Note: The <param-value> is in bytes.

Memory configuration

Changing the memory used by Apollo in production must be configured within Tomcat directly.

The default memory assigned to Apollo to run commands in Apollo is 2048 MB. This can be changed in your apollo-config.groovy by uncommenting the memory configuration block:

// Uncomment to change the default memory configurations
grails.project.fork = [
        test   : false,
        // configure settings for the run-app JVM
        run    : [maxMemory: 2048, minMemory: 64, debug: false, maxPerm: 1024, forkReserve: false],
        // configure settings for the run-war JVM
        war    : [maxMemory: 2048, minMemory: 64, debug: false, maxPerm: 1024, forkReserve: false],
        // configure settings for the Console UI JVM
        console: [maxMemory: 2048, minMemory: 64, debug: false, maxPerm: 1024]
]

Note on database settings

If you use the apollo run-local command, then the “development” section of the apollo-config.groovy is used (or an temporary in-memory H2 database is used if no apollo-config.groovy exists).

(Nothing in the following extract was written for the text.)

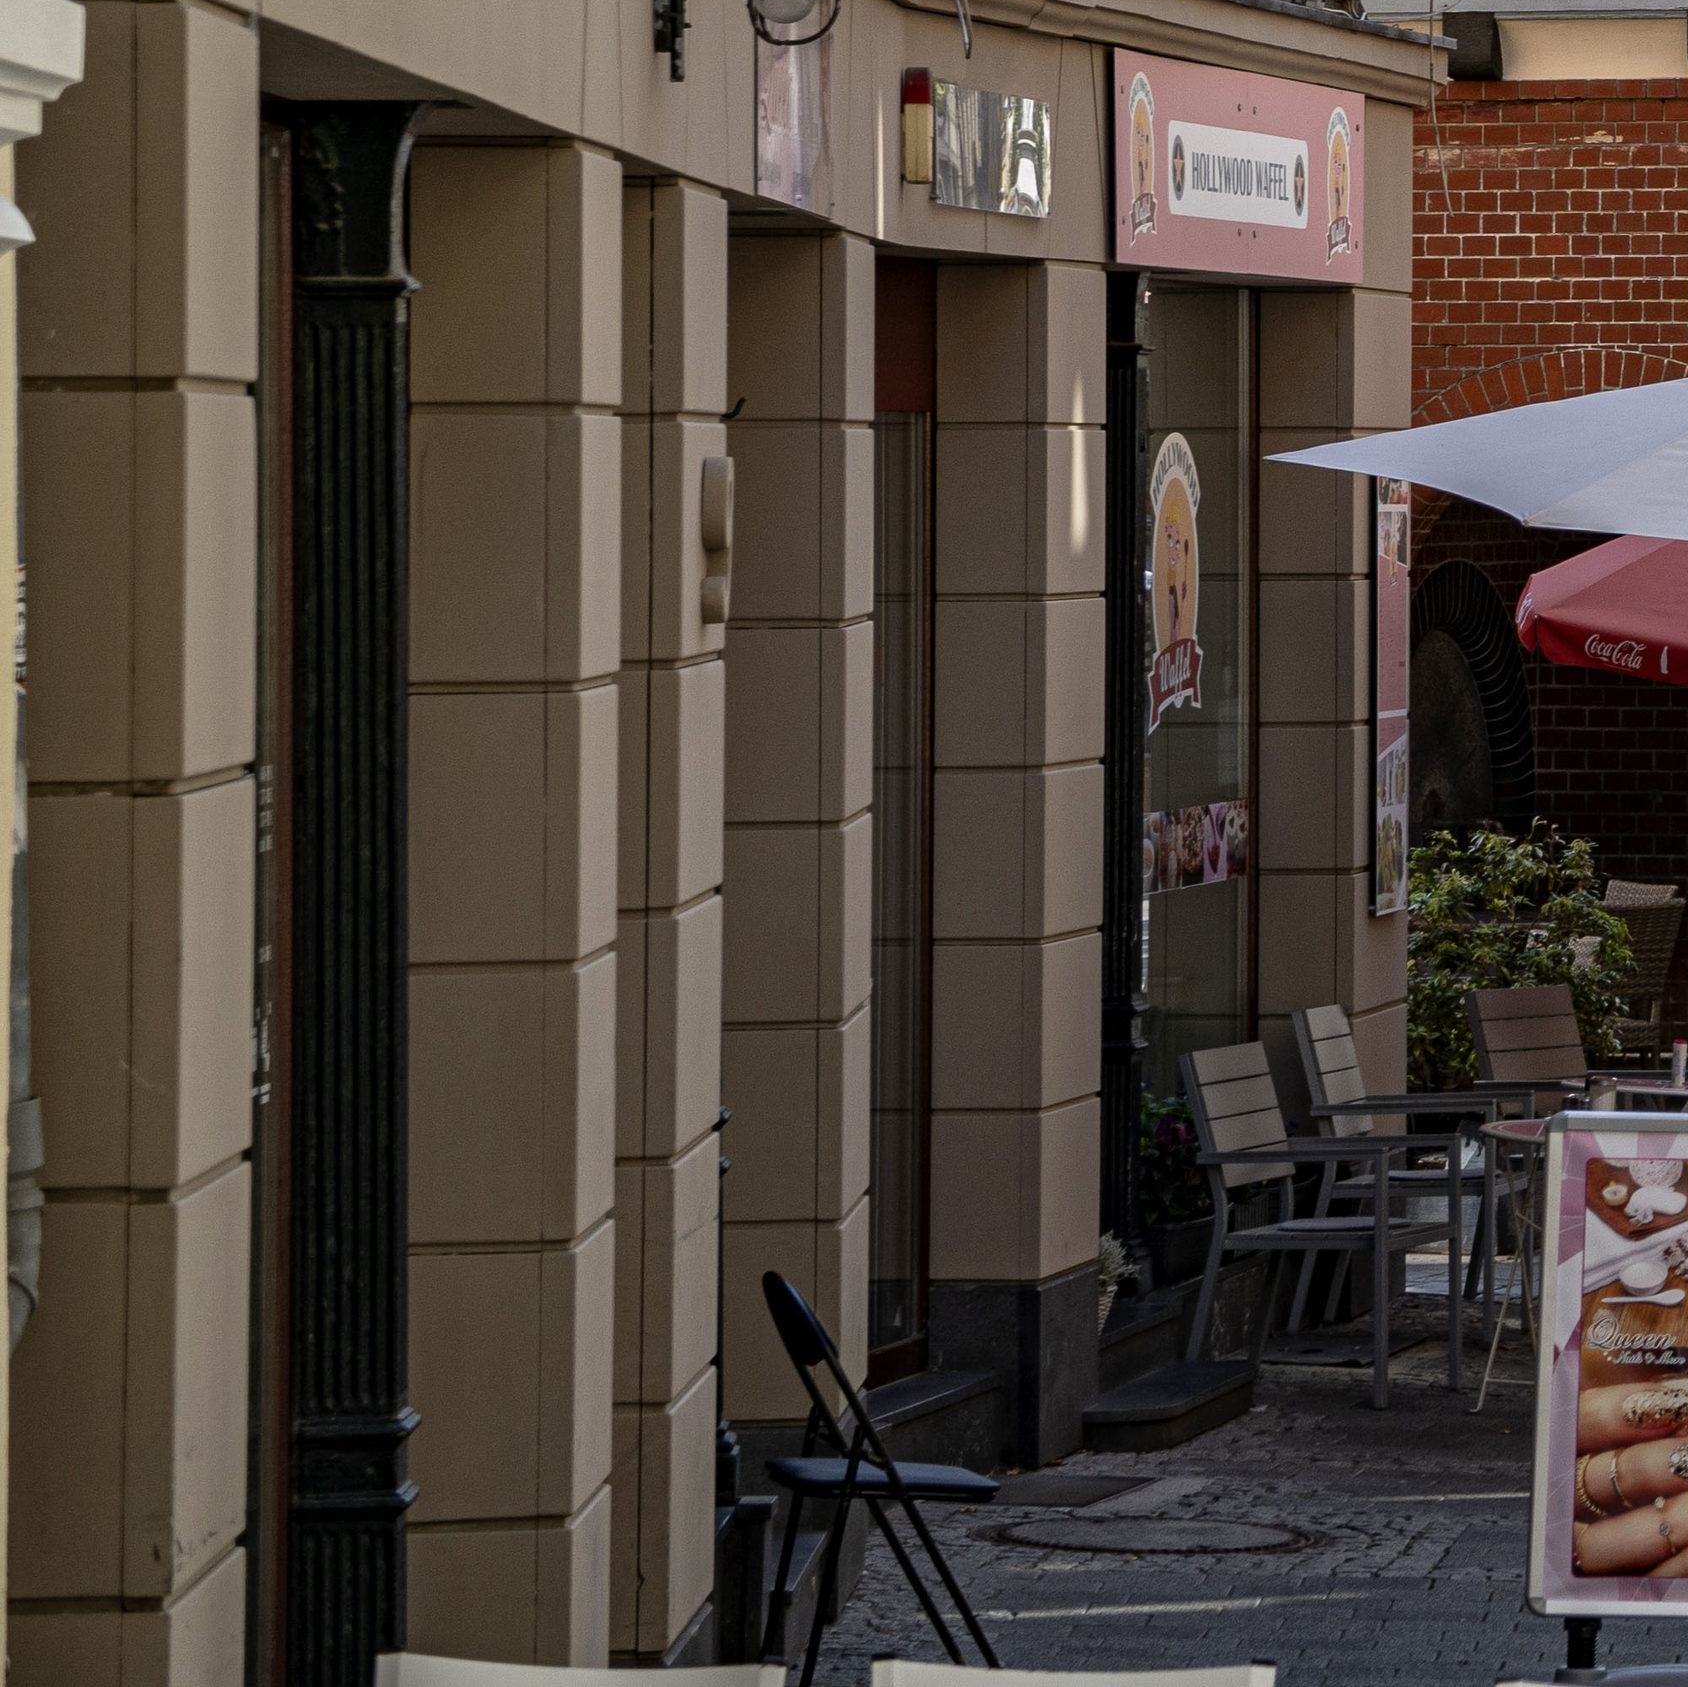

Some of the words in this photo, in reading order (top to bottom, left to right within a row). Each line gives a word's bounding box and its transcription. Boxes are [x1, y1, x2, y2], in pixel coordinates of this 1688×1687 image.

[1192, 151, 1253, 197] HOLLYWOOD
[1256, 161, 1289, 202] WAFFEL
[1584, 633, 1647, 670] Coca-Cola
[1587, 1315, 1677, 1351] Queen

If you use the WAR file generated by the apollo deploy command on your own webserver, then the “production” section of the apollo-config.groovy is used.

Detailed build instructions

While the shortcut apollo deploy takes care of basic application deployment, understanding the full build process of Apollo can help you to optimize and improve your deployed instances.

To learn more about the architecture of webapollo, view the architecture guide but the main idea here is to learn how to use apollo release to construct a build that includes javascript minimization

Pre-requisites for Javascript minimization

In addition to the system pre-requisites, the javascript compilation will use nodejs, which can be installed from a package manager on many platforms. Recommended setup for different platforms:

sudo apt-get install nodejs
sudo yum install epel-release npm
brew install node

Install extra perl modules

Building apollo in release mode also requires some extra Perl modules, namely Text::Markdown and DateTime. One way to install them:

bin/cpanm -l extlib DateTime Text::Markdown

Performing the javascript minimization

To build a Apollo release with Javascript minimization, you can use the command

./apollo release

This will compile JBrowse and Apollo javascript code into minimized files so that the number of HTTP requests that the client needs to make are reduced.

In all other respects, apollo release is exactly the same as apollo deploy though.

Performing active development

To perform active development of the codebase, use

./apollo debug

This will launch a temporary instance of Apollo by running grails run-app and ant devmode at the same time, which means that any changes to the Java files will be picked up, allowing fast iteration.

If you modify the javascript files (i.e. the client directory), you can run scripts/copy_client.sh and these will be picked up on-the-fly too.